- Problem to work on:
Each record below is to be copied exactly; the pictures are to be omitted.

● ● ● ● ● ● ●

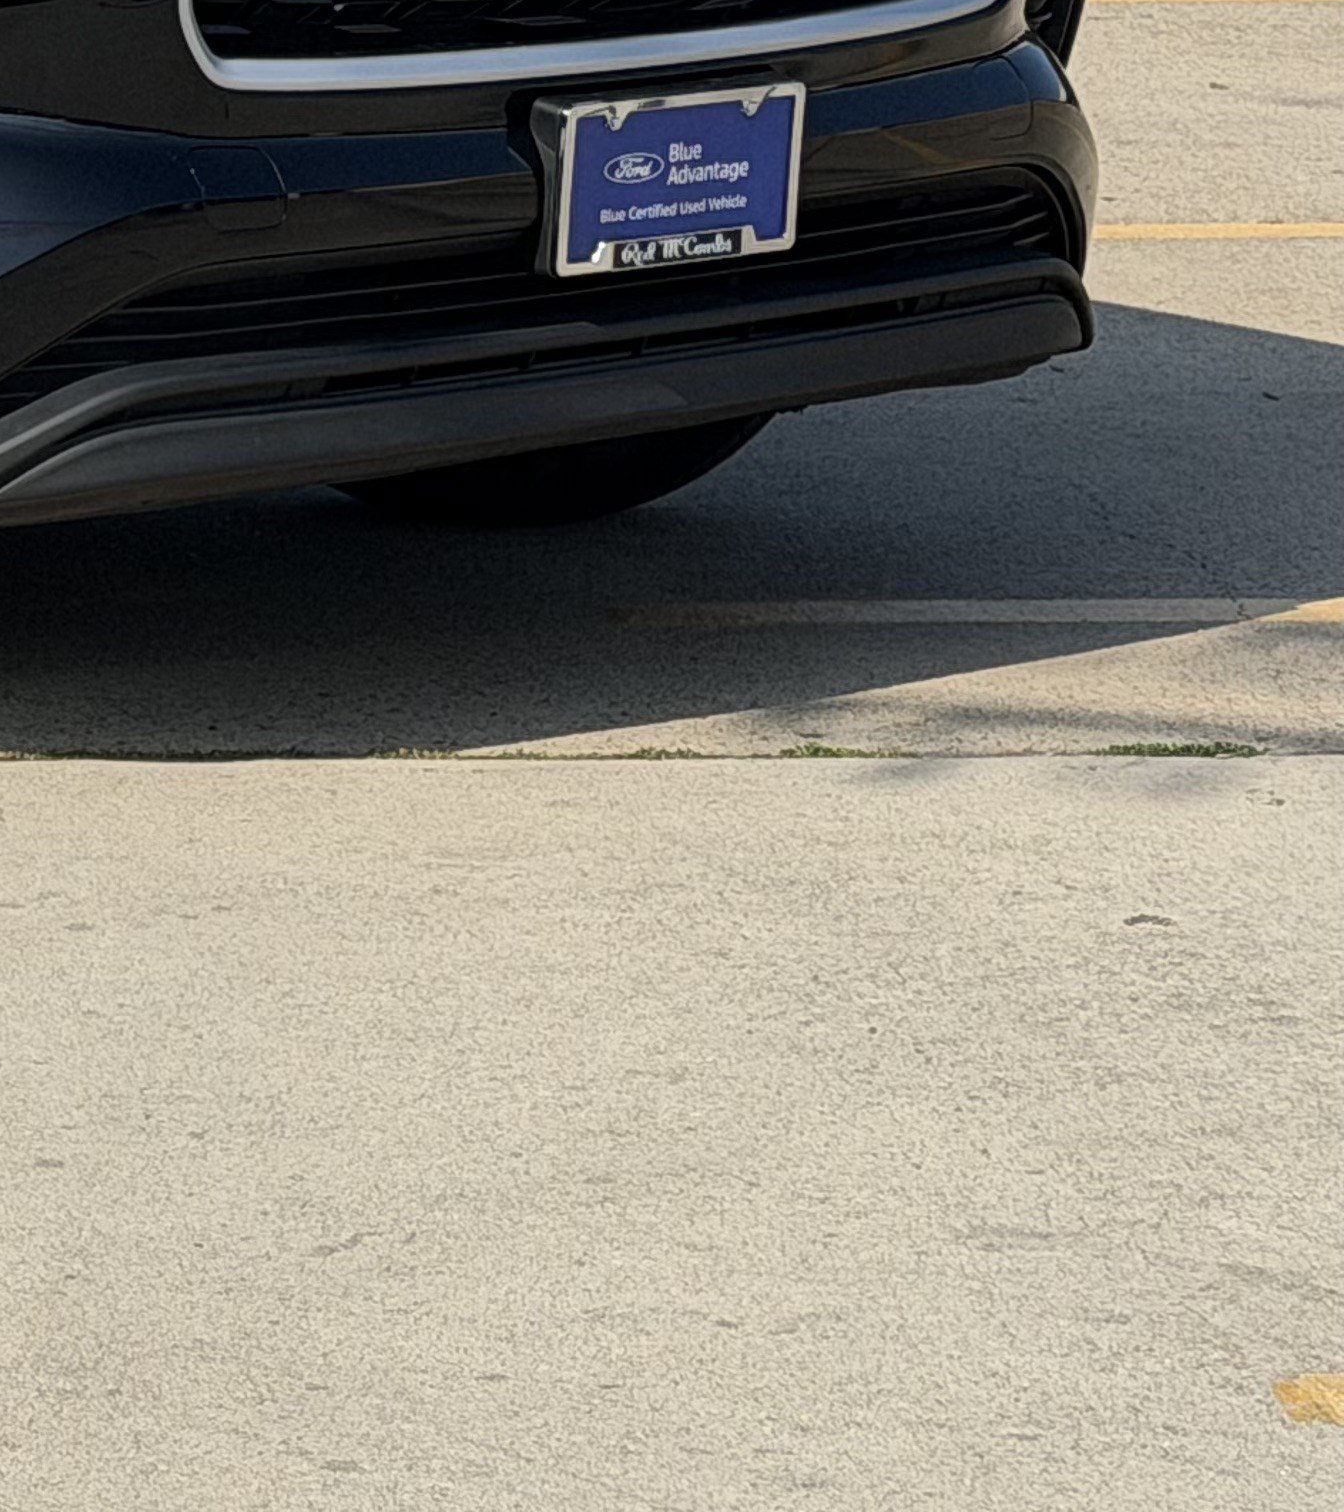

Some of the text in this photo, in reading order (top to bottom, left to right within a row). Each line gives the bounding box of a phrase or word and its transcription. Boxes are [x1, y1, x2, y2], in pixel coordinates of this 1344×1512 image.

[668, 141, 703, 163] Blue
[614, 157, 654, 179] Ford
[666, 160, 750, 185] Advantage
[599, 194, 748, 224] Blue Certified Used Vehicle
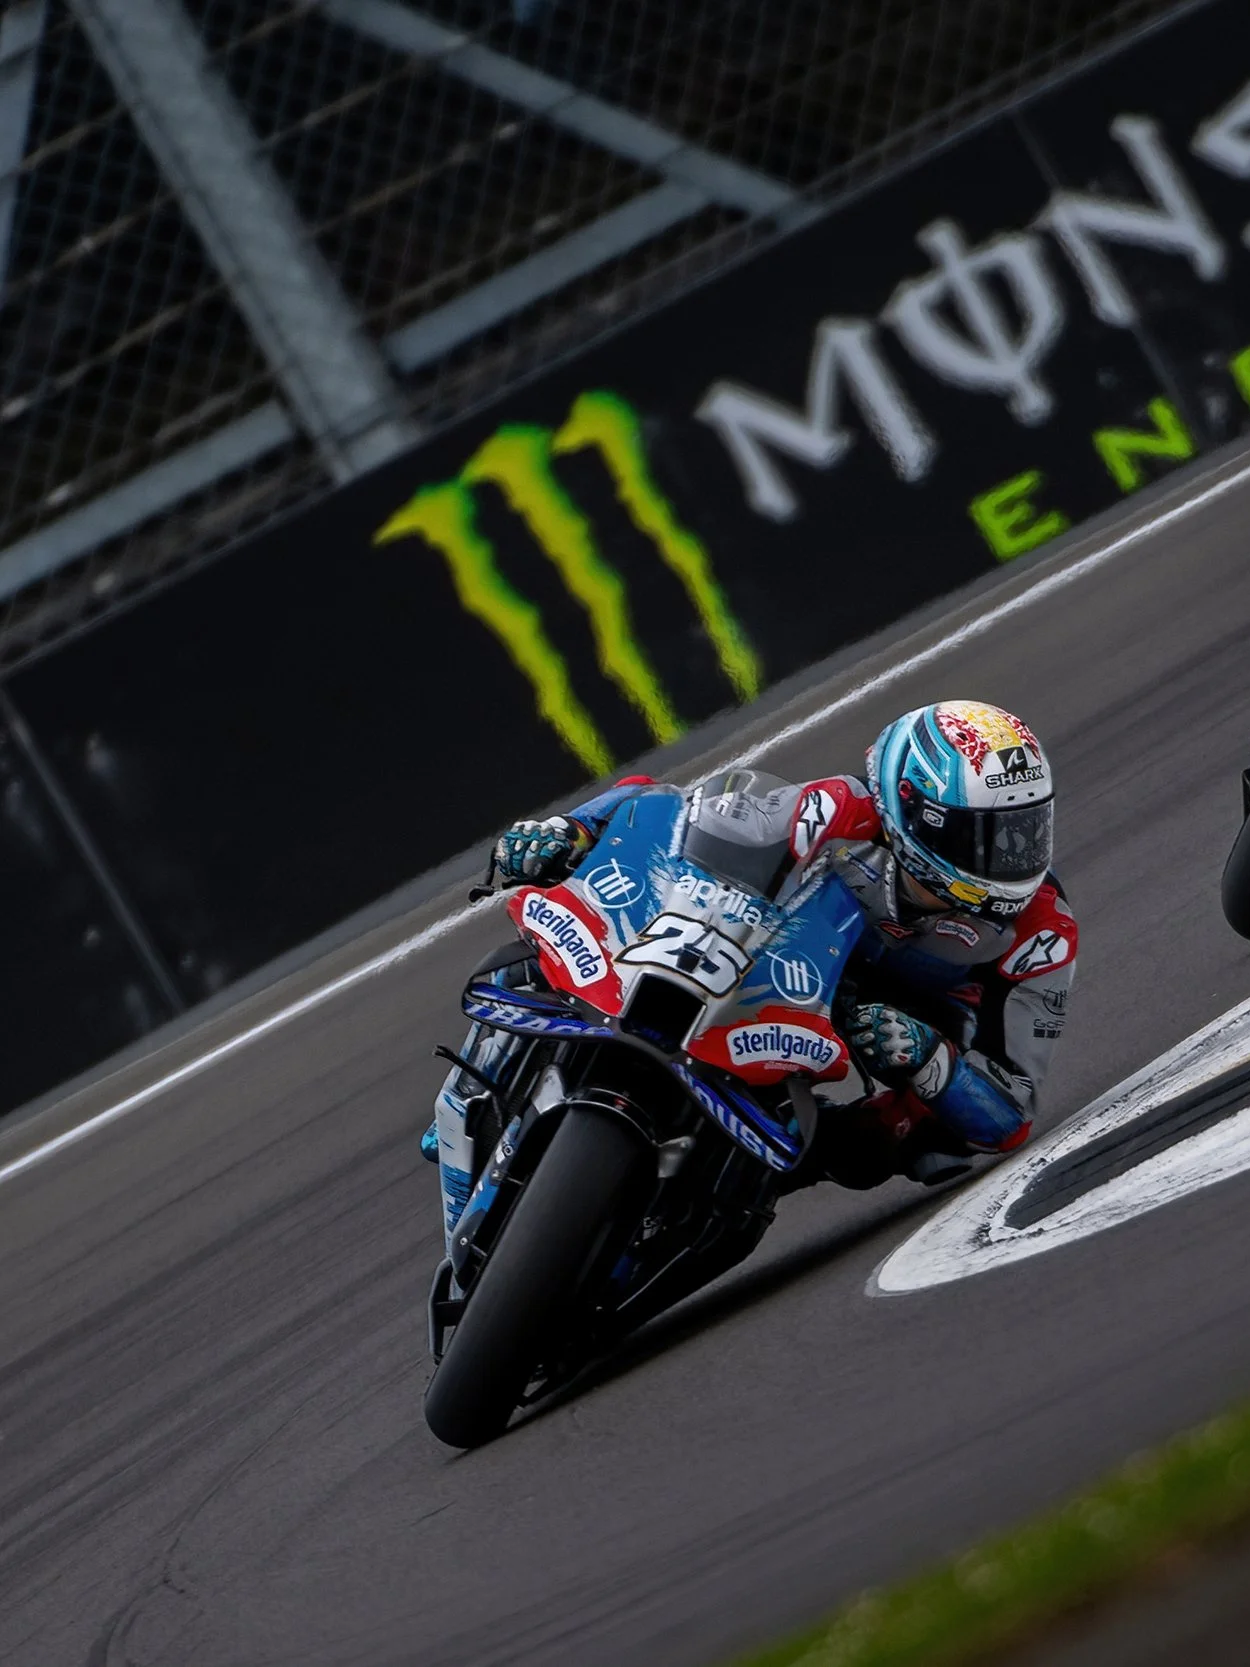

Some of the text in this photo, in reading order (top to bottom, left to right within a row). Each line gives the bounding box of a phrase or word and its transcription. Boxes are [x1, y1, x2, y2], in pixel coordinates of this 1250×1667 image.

[985, 765, 1046, 789] SHARK
[674, 874, 763, 928] aprilia
[991, 899, 1030, 915] apri
[525, 898, 600, 980] sterilgarda
[614, 911, 755, 998] 25
[732, 1025, 834, 1064] sterilgarda

● ● ● ● ● ● ●

- Finished task:
Some of the text in this photo, in reading order (top to bottom, left to right within a row). Each line gives the bounding box of a phrase or word and its transcription. Boxes are [x1, y1, x2, y2], in pixel coordinates of this 1344×1512 image.

[668, 141, 703, 163] Blue
[614, 157, 654, 179] Ford
[666, 160, 750, 185] Advantage
[599, 194, 748, 224] Blue Certified Used Vehicle

Some of the text in this photo, in reading order (top to bottom, left to right within a row). Each line gives the bounding box of a phrase or word and its transcription. Boxes are [x1, y1, x2, y2], in pixel coordinates of this 1250×1667 image.

[985, 765, 1046, 789] SHARK
[674, 874, 763, 928] aprilia
[991, 899, 1030, 915] apri
[525, 898, 600, 980] sterilgarda
[614, 911, 755, 998] 25
[732, 1025, 834, 1064] sterilgarda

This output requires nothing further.